**Task goal**. Return the listing below word for word.

**Source records**.
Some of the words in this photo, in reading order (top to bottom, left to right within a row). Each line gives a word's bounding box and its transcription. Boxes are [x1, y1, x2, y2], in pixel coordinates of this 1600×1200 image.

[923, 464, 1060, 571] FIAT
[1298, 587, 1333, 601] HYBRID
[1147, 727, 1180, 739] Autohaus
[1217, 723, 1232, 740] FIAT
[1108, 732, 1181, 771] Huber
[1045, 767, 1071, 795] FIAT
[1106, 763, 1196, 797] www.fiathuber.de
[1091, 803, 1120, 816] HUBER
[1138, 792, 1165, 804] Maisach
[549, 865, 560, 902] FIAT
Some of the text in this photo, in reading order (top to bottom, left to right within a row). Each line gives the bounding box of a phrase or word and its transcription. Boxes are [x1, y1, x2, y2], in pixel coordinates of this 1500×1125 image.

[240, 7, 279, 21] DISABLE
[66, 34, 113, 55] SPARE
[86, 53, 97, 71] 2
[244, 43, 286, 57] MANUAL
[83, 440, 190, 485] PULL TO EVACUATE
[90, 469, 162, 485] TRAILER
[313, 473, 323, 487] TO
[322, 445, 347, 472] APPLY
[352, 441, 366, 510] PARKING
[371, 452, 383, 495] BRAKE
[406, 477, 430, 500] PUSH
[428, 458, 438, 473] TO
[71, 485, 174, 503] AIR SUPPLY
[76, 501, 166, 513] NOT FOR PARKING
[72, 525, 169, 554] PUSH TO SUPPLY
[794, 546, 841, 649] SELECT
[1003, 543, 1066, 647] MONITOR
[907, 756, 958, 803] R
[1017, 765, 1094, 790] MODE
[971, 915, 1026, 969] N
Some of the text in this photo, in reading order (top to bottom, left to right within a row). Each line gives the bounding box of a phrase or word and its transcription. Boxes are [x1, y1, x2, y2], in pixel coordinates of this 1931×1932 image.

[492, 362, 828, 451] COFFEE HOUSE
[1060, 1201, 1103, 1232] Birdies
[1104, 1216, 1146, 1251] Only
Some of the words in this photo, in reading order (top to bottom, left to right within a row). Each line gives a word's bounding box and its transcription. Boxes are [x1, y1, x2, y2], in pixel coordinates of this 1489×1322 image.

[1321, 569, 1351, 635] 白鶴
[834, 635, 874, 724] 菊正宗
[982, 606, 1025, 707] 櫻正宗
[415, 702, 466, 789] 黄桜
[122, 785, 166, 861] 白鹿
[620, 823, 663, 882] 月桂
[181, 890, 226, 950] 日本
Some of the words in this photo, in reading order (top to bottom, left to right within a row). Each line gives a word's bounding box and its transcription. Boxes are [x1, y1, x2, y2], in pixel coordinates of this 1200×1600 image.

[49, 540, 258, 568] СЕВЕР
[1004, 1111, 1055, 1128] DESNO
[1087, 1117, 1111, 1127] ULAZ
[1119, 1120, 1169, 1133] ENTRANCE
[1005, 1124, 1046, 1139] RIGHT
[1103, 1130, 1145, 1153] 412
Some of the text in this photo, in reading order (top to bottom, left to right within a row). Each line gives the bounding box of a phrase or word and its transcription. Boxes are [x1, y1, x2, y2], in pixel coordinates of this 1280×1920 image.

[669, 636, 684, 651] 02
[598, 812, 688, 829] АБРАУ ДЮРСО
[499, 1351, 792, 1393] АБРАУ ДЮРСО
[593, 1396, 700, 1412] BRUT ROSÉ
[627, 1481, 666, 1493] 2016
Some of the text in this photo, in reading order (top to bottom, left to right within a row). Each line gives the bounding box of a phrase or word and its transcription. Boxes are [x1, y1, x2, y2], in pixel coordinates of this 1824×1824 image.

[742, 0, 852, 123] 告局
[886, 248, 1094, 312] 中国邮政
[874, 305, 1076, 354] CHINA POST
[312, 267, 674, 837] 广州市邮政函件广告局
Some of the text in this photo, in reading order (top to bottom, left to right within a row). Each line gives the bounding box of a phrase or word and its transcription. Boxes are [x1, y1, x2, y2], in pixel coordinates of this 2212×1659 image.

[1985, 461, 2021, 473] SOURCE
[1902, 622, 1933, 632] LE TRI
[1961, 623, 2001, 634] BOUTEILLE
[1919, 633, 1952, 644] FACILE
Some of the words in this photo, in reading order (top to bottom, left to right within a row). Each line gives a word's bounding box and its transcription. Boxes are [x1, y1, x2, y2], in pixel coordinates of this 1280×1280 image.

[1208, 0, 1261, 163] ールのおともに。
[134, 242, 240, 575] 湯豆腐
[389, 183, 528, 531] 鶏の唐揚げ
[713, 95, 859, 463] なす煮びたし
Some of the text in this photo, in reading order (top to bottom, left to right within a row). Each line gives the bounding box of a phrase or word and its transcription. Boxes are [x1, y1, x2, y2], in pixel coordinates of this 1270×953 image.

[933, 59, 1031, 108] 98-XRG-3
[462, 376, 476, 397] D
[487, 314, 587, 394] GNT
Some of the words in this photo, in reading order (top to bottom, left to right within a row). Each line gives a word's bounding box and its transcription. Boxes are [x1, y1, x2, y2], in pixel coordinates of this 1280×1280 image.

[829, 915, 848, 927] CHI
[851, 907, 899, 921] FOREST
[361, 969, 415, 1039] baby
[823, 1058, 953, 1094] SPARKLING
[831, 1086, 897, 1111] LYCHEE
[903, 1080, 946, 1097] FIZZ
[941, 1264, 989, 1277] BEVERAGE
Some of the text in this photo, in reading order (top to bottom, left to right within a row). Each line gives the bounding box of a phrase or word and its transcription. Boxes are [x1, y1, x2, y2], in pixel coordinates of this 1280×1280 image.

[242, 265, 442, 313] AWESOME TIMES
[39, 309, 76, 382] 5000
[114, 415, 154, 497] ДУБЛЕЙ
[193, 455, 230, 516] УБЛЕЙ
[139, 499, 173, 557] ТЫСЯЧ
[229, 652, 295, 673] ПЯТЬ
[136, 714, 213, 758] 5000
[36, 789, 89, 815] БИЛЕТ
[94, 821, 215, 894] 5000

**Answer section**.
Some of the words in this photo, in reading order (top to bottom, left to right within a row). Each line gives a word's bounding box and its transcription. Boxes are [x1, y1, x2, y2], in pixel coordinates of this 1600×1200 image.

[923, 464, 1060, 571] FIAT
[1298, 587, 1333, 601] HYBRID
[1147, 727, 1180, 739] Autohaus
[1217, 723, 1232, 740] FIAT
[1108, 732, 1181, 771] Huber
[1045, 767, 1071, 795] FIAT
[1106, 763, 1196, 797] www.fiathuber.de
[1091, 803, 1120, 816] HUBER
[1138, 792, 1165, 804] Maisach
[549, 865, 560, 902] FIAT
Some of the text in this photo, in reading order (top to bottom, left to right within a row). Each line gives the bounding box of a phrase or word and its transcription. Boxes are [x1, y1, x2, y2], in pixel coordinates of this 1500×1125 image.

[240, 7, 279, 21] DISABLE
[66, 34, 113, 55] SPARE
[86, 53, 97, 71] 2
[244, 43, 286, 57] MANUAL
[83, 440, 190, 485] PULL TO EVACUATE
[90, 469, 162, 485] TRAILER
[313, 473, 323, 487] TO
[322, 445, 347, 472] APPLY
[352, 441, 366, 510] PARKING
[371, 452, 383, 495] BRAKE
[406, 477, 430, 500] PUSH
[428, 458, 438, 473] TO
[71, 485, 174, 503] AIR SUPPLY
[76, 501, 166, 513] NOT FOR PARKING
[72, 525, 169, 554] PUSH TO SUPPLY
[794, 546, 841, 649] SELECT
[1003, 543, 1066, 647] MONITOR
[907, 756, 958, 803] R
[1017, 765, 1094, 790] MODE
[971, 915, 1026, 969] N
Some of the text in this photo, in reading order (top to bottom, left to right within a row). Each line gives the bounding box of a phrase or word and its transcription. Boxes are [x1, y1, x2, y2], in pixel coordinates of this 1931×1932 image.

[492, 362, 828, 451] COFFEE HOUSE
[1060, 1201, 1103, 1232] Birdies
[1104, 1216, 1146, 1251] Only
Some of the words in this photo, in reading order (top to bottom, left to right within a row). Each line gives a word's bounding box and its transcription. Boxes are [x1, y1, x2, y2], in pixel coordinates of this 1489×1322 image.

[1321, 569, 1351, 635] 白鶴
[834, 635, 874, 724] 菊正宗
[982, 606, 1025, 707] 櫻正宗
[415, 702, 466, 789] 黄桜
[122, 785, 166, 861] 白鹿
[620, 823, 663, 882] 月桂
[181, 890, 226, 950] 日本
Some of the words in this photo, in reading order (top to bottom, left to right within a row). Each line gives a word's bounding box and its transcription. Boxes are [x1, y1, x2, y2], in pixel coordinates of this 1200×1600 image.

[49, 540, 258, 568] СЕВЕР
[1004, 1111, 1055, 1128] DESNO
[1087, 1117, 1111, 1127] ULAZ
[1119, 1120, 1169, 1133] ENTRANCE
[1005, 1124, 1046, 1139] RIGHT
[1103, 1130, 1145, 1153] 412
Some of the text in this photo, in reading order (top to bottom, left to right within a row). Each line gives the bounding box of a phrase or word and its transcription. Boxes are [x1, y1, x2, y2], in pixel coordinates of this 1280×1920 image.

[669, 636, 684, 651] 02
[598, 812, 688, 829] АБРАУ ДЮРСО
[499, 1351, 792, 1393] АБРАУ ДЮРСО
[593, 1396, 700, 1412] BRUT ROSÉ
[627, 1481, 666, 1493] 2016
Some of the text in this photo, in reading order (top to bottom, left to right within a row). Each line gives the bounding box of a phrase or word and its transcription. Boxes are [x1, y1, x2, y2], in pixel coordinates of this 1824×1824 image.

[742, 0, 852, 123] 告局
[886, 248, 1094, 312] 中国邮政
[874, 305, 1076, 354] CHINA POST
[312, 267, 674, 837] 广州市邮政函件广告局
Some of the text in this photo, in reading order (top to bottom, left to right within a row). Each line gives the bounding box of a phrase or word and its transcription. Boxes are [x1, y1, x2, y2], in pixel coordinates of this 2212×1659 image.

[1985, 461, 2021, 473] SOURCE
[1902, 622, 1933, 632] LE TRI
[1961, 623, 2001, 634] BOUTEILLE
[1919, 633, 1952, 644] FACILE
Some of the words in this photo, in reading order (top to bottom, left to right within a row). Each line gives a word's bounding box and its transcription. Boxes are [x1, y1, x2, y2], in pixel coordinates of this 1280×1280 image.

[1208, 0, 1261, 163] ールのおともに。
[134, 242, 240, 575] 湯豆腐
[389, 183, 528, 531] 鶏の唐揚げ
[713, 95, 859, 463] なす煮びたし
Some of the text in this photo, in reading order (top to bottom, left to right within a row). Each line gives the bounding box of a phrase or word and its transcription. Boxes are [x1, y1, x2, y2], in pixel coordinates of this 1270×953 image.

[933, 59, 1031, 108] 98-XRG-3
[462, 376, 476, 397] D
[487, 314, 587, 394] GNT
Some of the words in this photo, in reading order (top to bottom, left to right within a row). Each line gives a word's bounding box and its transcription. Boxes are [x1, y1, x2, y2], in pixel coordinates of this 1280×1280 image.

[829, 915, 848, 927] CHI
[851, 907, 899, 921] FOREST
[361, 969, 415, 1039] baby
[823, 1058, 953, 1094] SPARKLING
[831, 1086, 897, 1111] LYCHEE
[903, 1080, 946, 1097] FIZZ
[941, 1264, 989, 1277] BEVERAGE
Some of the text in this photo, in reading order (top to bottom, left to right within a row). Each line gives the bounding box of a phrase or word and its transcription. Boxes are [x1, y1, x2, y2], in pixel coordinates of this 1280×1280 image.

[242, 265, 442, 313] AWESOME TIMES
[39, 309, 76, 382] 5000
[114, 415, 154, 497] ДУБЛЕЙ
[193, 455, 230, 516] УБЛЕЙ
[139, 499, 173, 557] ТЫСЯЧ
[229, 652, 295, 673] ПЯТЬ
[136, 714, 213, 758] 5000
[36, 789, 89, 815] БИЛЕТ
[94, 821, 215, 894] 5000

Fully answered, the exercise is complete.